Now, had I written this a decade or more ago, general intelligence would have topped the list of forbidden academic fruit. This is not to say that intelligence research has magically become mainstream. It still carries its fair share of controversy. On one level, the continued debate about intelligence strikes me as quite funny, honestly. If you want to watch academics glorify a trait that many still think, “doesn’t exist” or “doesn’t matter”, hang around them when student applications are being reviewed. It’s hilarious to watch folks froth at the mouth over sky-high test scores that they would otherwise tell you measure nothing at all.
…They’ll do this believing that they are serving public interest by snuffing outdangerous research agendas, but that won’t make any difference to you. It’ll be your reputation that will suffer grievous injury. What in the world might elicit such harsh rebuke from a community of otherwise broadminded, free speech spouting scholars?
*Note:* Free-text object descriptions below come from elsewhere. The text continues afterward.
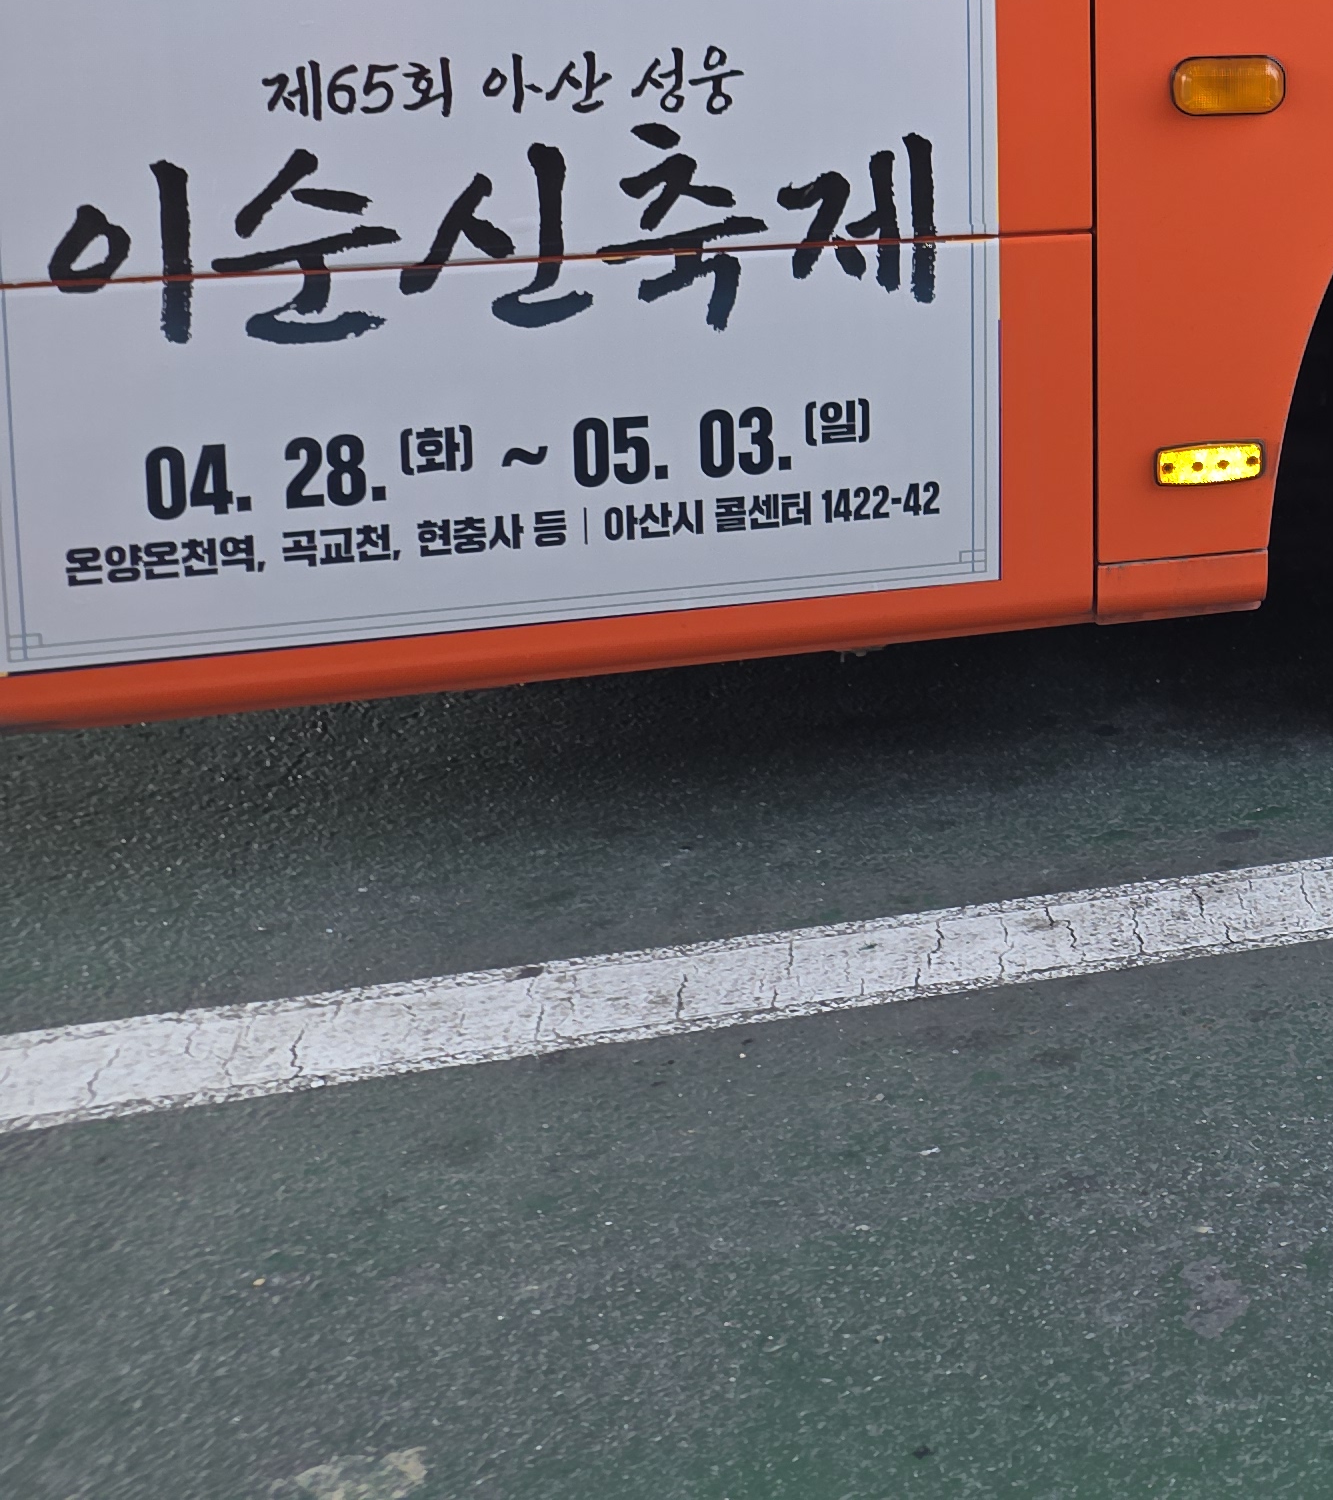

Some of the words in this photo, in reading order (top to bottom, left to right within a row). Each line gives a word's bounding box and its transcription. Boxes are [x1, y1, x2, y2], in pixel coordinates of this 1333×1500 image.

[261, 57, 453, 122] 제65회
[481, 50, 613, 115] 아산
[631, 45, 745, 116] 성웅
[46, 122, 937, 344] 이순신축제
[144, 443, 253, 521] 04.
[500, 445, 549, 468] ~
[572, 415, 669, 488] 05.
[65, 534, 267, 588] 온양온천역,
[281, 523, 402, 568] 곡교천,
[416, 512, 525, 559] 현충사
[532, 509, 568, 548] 등
[603, 498, 705, 543] 아산시
[714, 490, 812, 534] 콜센터
[821, 480, 941, 524] 1422-42
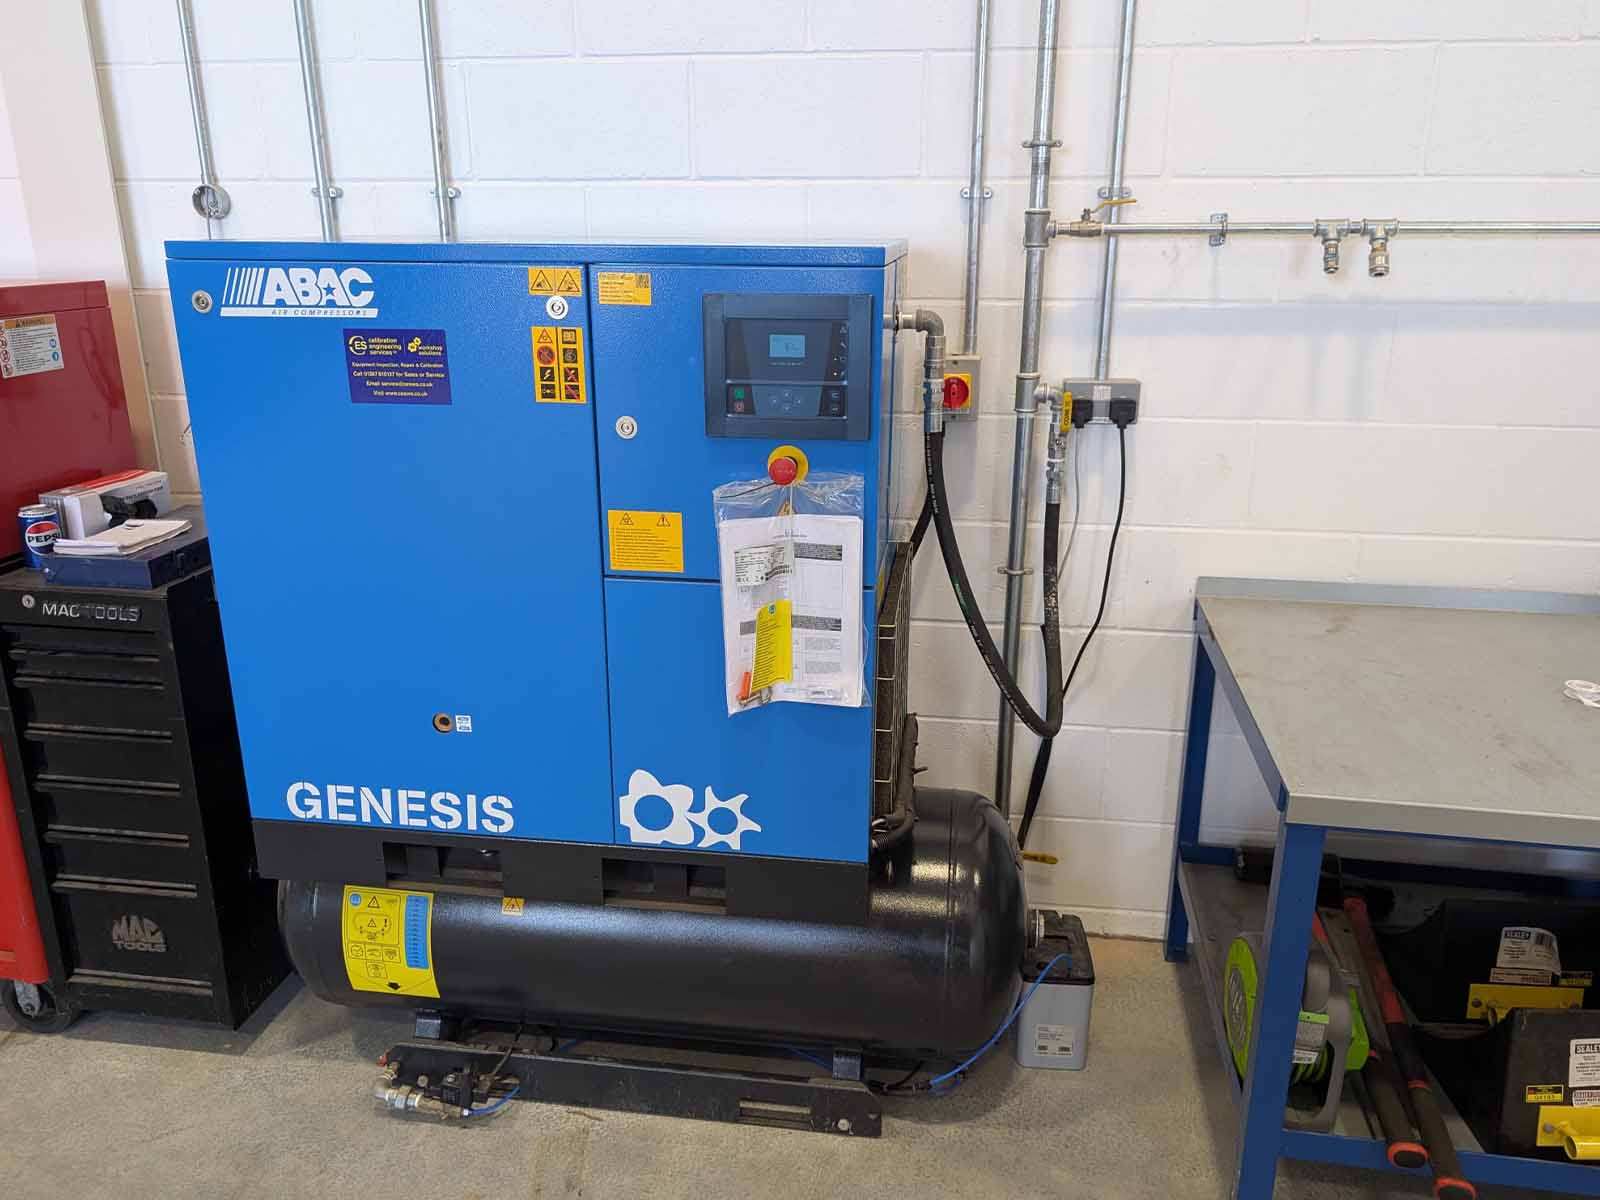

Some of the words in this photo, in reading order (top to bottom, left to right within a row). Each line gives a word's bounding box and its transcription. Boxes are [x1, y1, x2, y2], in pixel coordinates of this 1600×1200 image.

What is so verboten that it constitutes academia’s Bermuda Triangle, a place where careers disappear more often than ships in the actual Bermuda Triangle? In one word, it’s race….
…In other words, science is flawed. And scientists are people too. While it is true that most scientists — at least the ones I know and work with — are hell-bent on getting things right, they are not therefore immune from human foibles….
At the same time, as the psychologist Gary Marcus has recently put it, “it is facile to dismiss science itself. The most careful scientists, and the best science journalists, realize that all science is provisional. There will always be things that we haven’t figured out yet, and even some that we get wrong.”